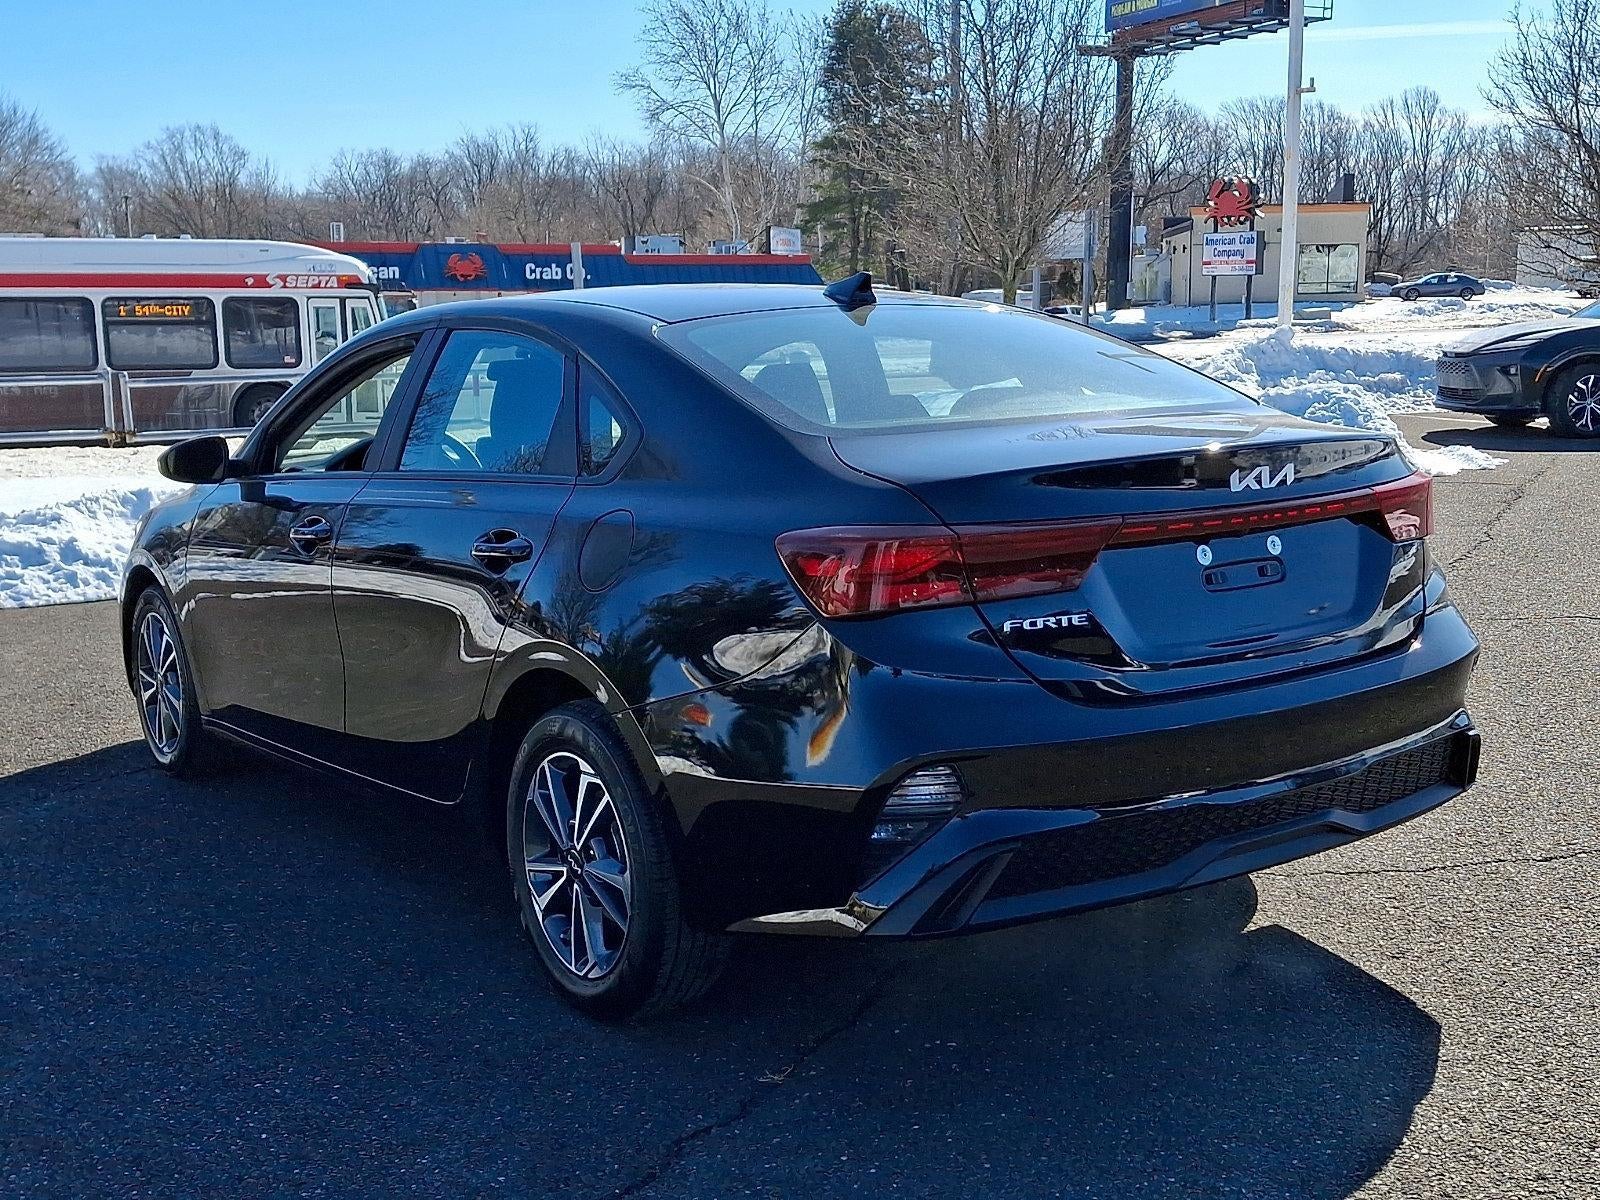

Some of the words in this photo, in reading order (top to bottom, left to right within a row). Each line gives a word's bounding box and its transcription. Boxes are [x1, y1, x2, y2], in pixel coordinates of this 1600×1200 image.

==

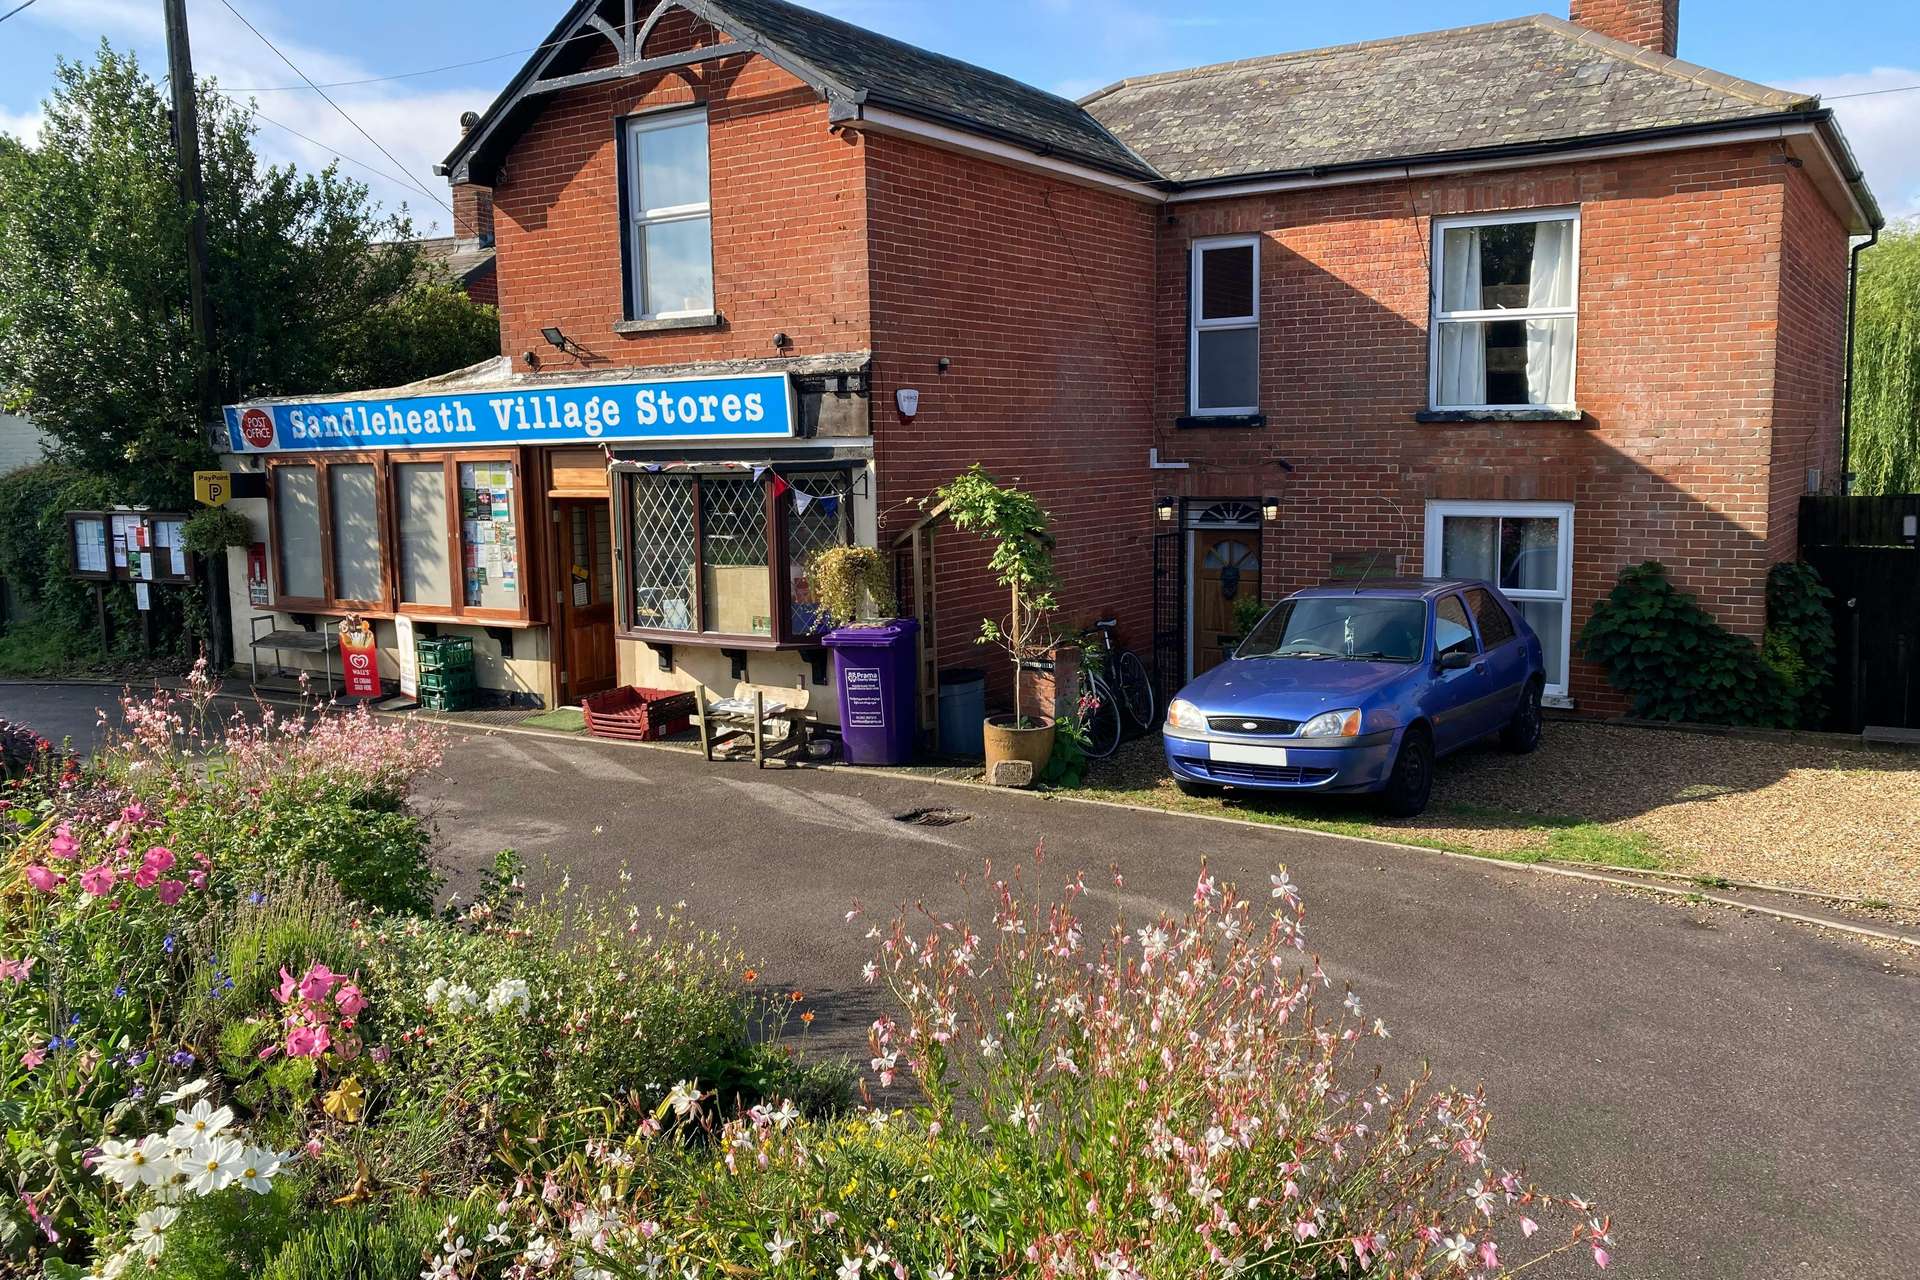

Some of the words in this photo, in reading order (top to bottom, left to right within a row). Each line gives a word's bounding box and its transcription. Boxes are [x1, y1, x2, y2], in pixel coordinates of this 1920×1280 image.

---

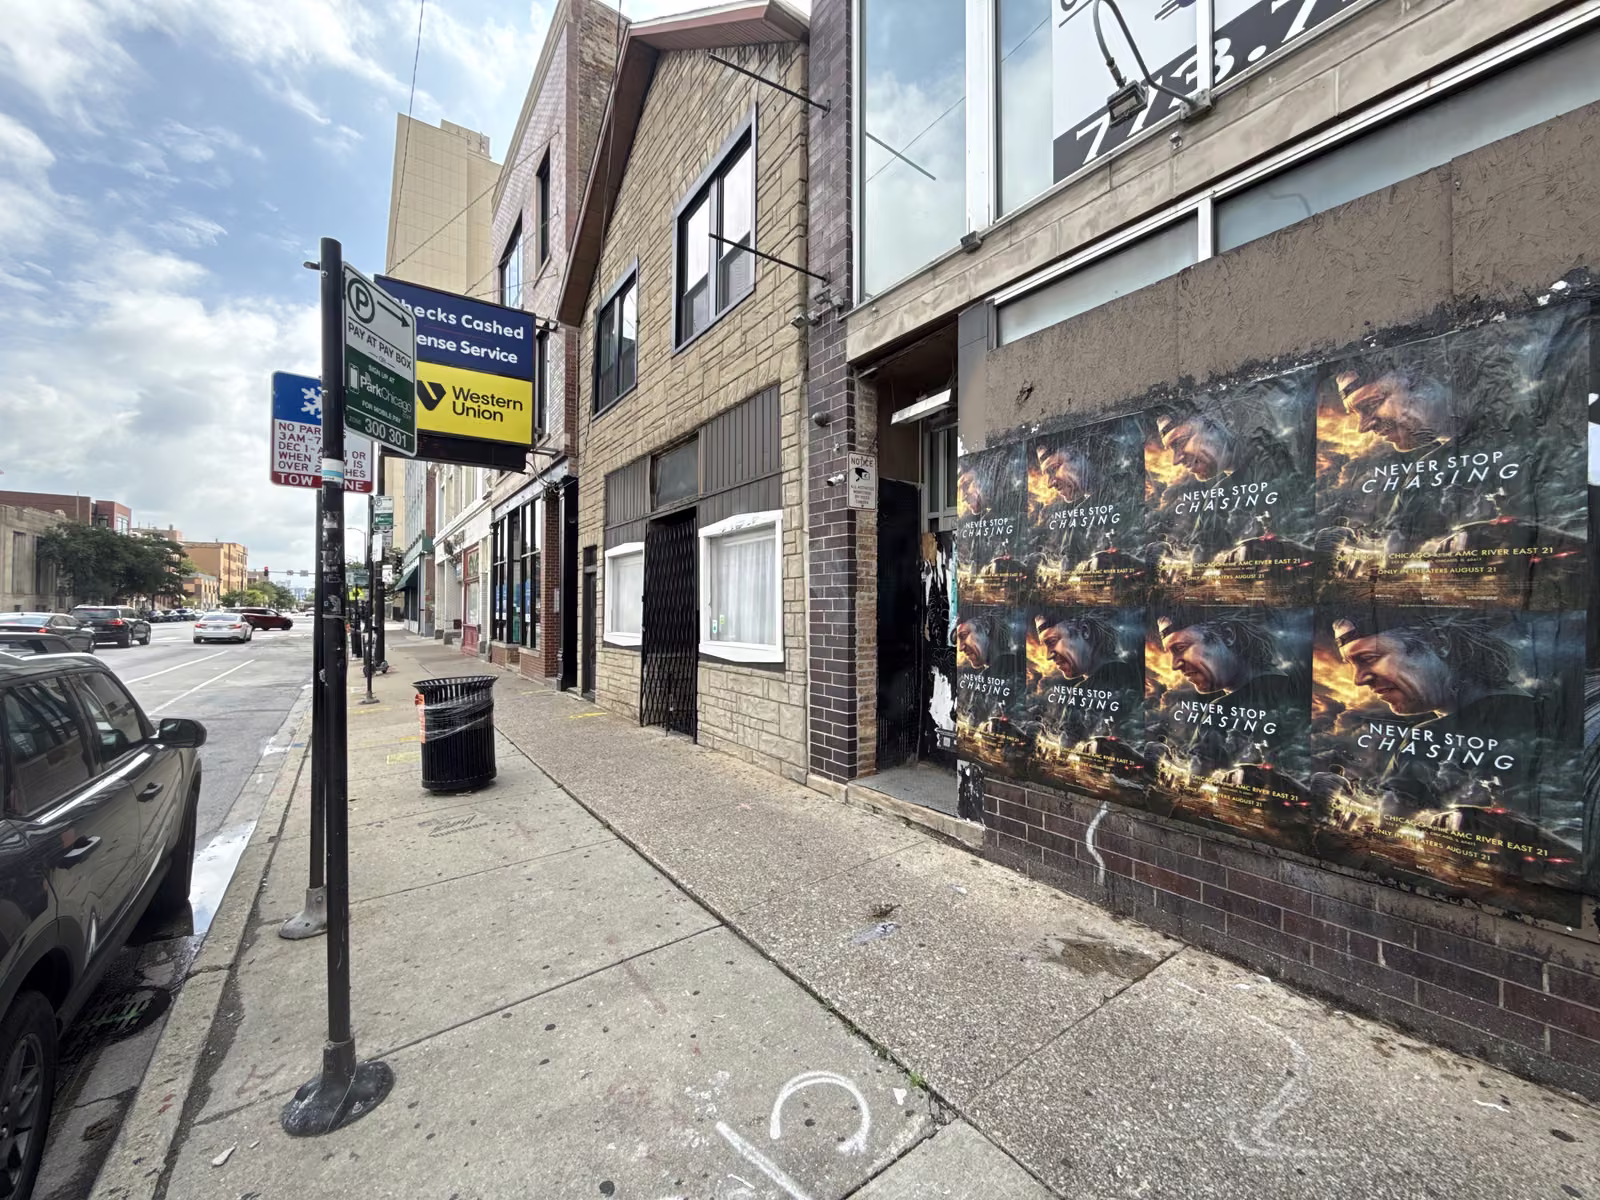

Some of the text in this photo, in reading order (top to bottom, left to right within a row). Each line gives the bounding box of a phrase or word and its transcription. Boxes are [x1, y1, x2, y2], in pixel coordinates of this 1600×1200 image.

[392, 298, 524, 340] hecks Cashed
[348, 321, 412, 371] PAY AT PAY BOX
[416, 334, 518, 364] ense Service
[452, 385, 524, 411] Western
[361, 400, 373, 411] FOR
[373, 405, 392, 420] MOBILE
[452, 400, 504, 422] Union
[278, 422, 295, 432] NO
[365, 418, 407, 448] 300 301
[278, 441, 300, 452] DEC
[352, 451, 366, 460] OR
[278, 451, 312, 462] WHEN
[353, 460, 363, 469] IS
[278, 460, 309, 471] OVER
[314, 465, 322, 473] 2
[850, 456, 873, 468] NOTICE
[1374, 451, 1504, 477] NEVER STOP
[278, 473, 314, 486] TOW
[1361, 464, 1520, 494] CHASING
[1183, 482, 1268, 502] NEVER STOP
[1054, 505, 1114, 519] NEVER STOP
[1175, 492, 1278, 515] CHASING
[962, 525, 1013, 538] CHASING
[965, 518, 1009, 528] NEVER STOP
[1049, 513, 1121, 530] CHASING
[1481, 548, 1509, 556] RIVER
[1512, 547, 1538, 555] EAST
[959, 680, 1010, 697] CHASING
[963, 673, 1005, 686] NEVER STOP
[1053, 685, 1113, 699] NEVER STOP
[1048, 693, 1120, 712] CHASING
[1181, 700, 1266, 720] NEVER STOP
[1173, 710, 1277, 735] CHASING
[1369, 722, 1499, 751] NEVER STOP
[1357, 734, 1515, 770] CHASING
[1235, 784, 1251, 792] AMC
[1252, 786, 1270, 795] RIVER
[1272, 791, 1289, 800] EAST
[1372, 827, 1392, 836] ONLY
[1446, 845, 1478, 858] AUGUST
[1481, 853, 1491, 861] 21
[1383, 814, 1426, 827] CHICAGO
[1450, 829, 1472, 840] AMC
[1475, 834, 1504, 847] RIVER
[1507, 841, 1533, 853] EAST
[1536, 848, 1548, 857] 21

WORK ITEM
Look through the data and show every line containing "words".

RESULT OF THIS EXERCISE
Some of the words in this photo, in reading order (top to bottom, left to right within a row). Each line gives a word's bounding box and its transcription. Boxes are [x1, y1, x2, y2], in pixel coordinates of this 1600×1200 image.
Some of the words in this photo, in reading order (top to bottom, left to right within a row). Each line gives a word's bounding box and its transcription. Boxes are [x1, y1, x2, y2], in pixel coordinates of this 1920×1280 image.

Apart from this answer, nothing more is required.